The top diplomatic adviser to Italian Prime Minister Silvio Berlusconi met this morning with U.S. National Security Advisor James Jones at the White House, where he was expected to offer Italy's support on the difficult tangle of issues dividing Washington from Moscow.
Counselor Bruno Archi told a small group of foreign policy writers and analysts this morning that "trans-Atlantic ties are our most important and top priority in foreign policy." Archi's effort to help build rapport with top Obama administration officials is being carefully watched, in part because Berlusconi had a close political relationship with President Obama's predecessor, George Bush, but may—in the view of some analysts—have gotten off to a rocky start with Obama. Also, Italy this year is holding the presidency of the Group of Eight industrial powers, which includes Russia. It will host the group's annual summit meeting in July, which Obama will attend.
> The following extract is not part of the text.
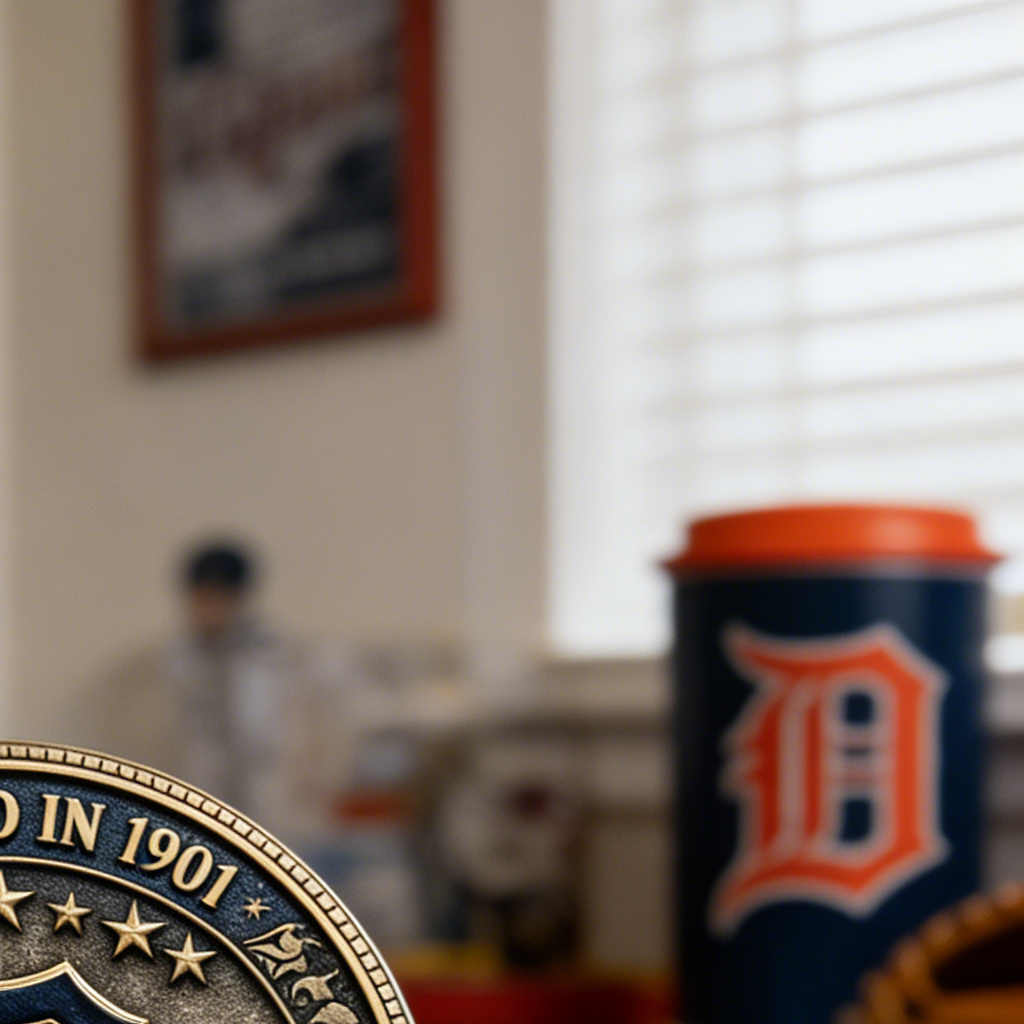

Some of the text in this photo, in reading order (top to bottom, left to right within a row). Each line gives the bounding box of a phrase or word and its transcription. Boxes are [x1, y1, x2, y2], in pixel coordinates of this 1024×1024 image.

[35, 792, 107, 853] IN
[117, 816, 240, 910] 1901
[708, 622, 952, 940] D
Berlusconi and Obama had a telephone conversation earlier this week in which the two discussed Russia, the European Union, Mediterranean-area issues, and European-U.S. ties, said Archi.
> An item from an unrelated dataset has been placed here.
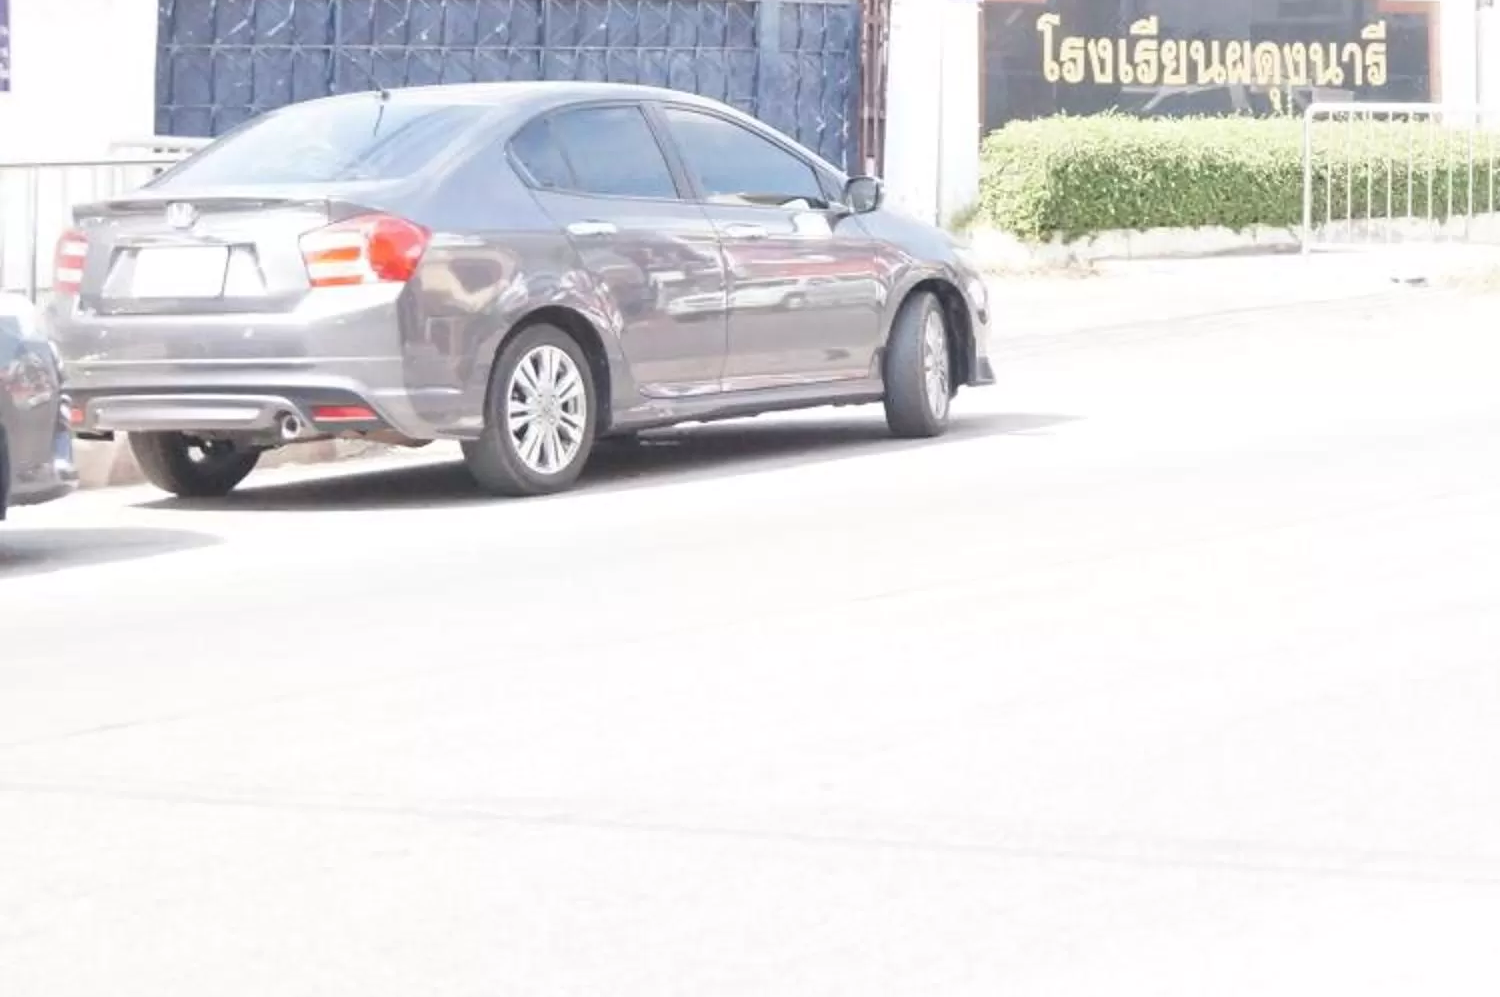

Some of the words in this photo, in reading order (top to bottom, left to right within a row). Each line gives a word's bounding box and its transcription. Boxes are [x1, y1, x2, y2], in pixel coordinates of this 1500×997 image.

[1037, 13, 1386, 111] โรงเรียนผดุงนารี
Italy's ambassador in Washington, Giovanni Castellaneta, who also spoke this morning, said that Italy enjoys "a special relationship" with Russia, including a close working relationship between Berlusconi and Russian Prime Minister Vladimir Putin. He denied recent press reports that Berlusconi would seek to position Italy's government—a NATO ally of the United States—as a "mediator" between Washington and Moscow but said that Italy was prepared to be helpful in other ways. "We can use our expertise," he said.
On Iran, Archi said, "If we want to put more pressure on Iran, we have to be more coordinated." Italy is Iran's top trade partner in Europe, principally through purchases of Iranian oil. Archi suggested that Iran's presidential election in June was a complicating factor: "We have to wait and see. It will be very difficult to predict the result," he said. Hard-line Iranian President Mahmoud Ahmadinejad is expected to face the more moderate former President Mohammad Khatami and perhaps other candidates as well.
U.S.-European cooperation on financial and economic recovery will be a central theme of today's conversations, both Italian officials indicated, and Castellaneta referred to concern over avoiding protectionist moves during the global recession.
Another issue that might arise is the future of terrorism suspects being held at the U.S. naval base at Guantánamo, Cuba. Castellaneta said that "no requests" from the Obama administration to take any prisoners have yet been received. If they are later on, he said, "we are ready to examine" them. He reiterated that Europe wants to help "facilitate" the disbanding of the Guantánamo prison.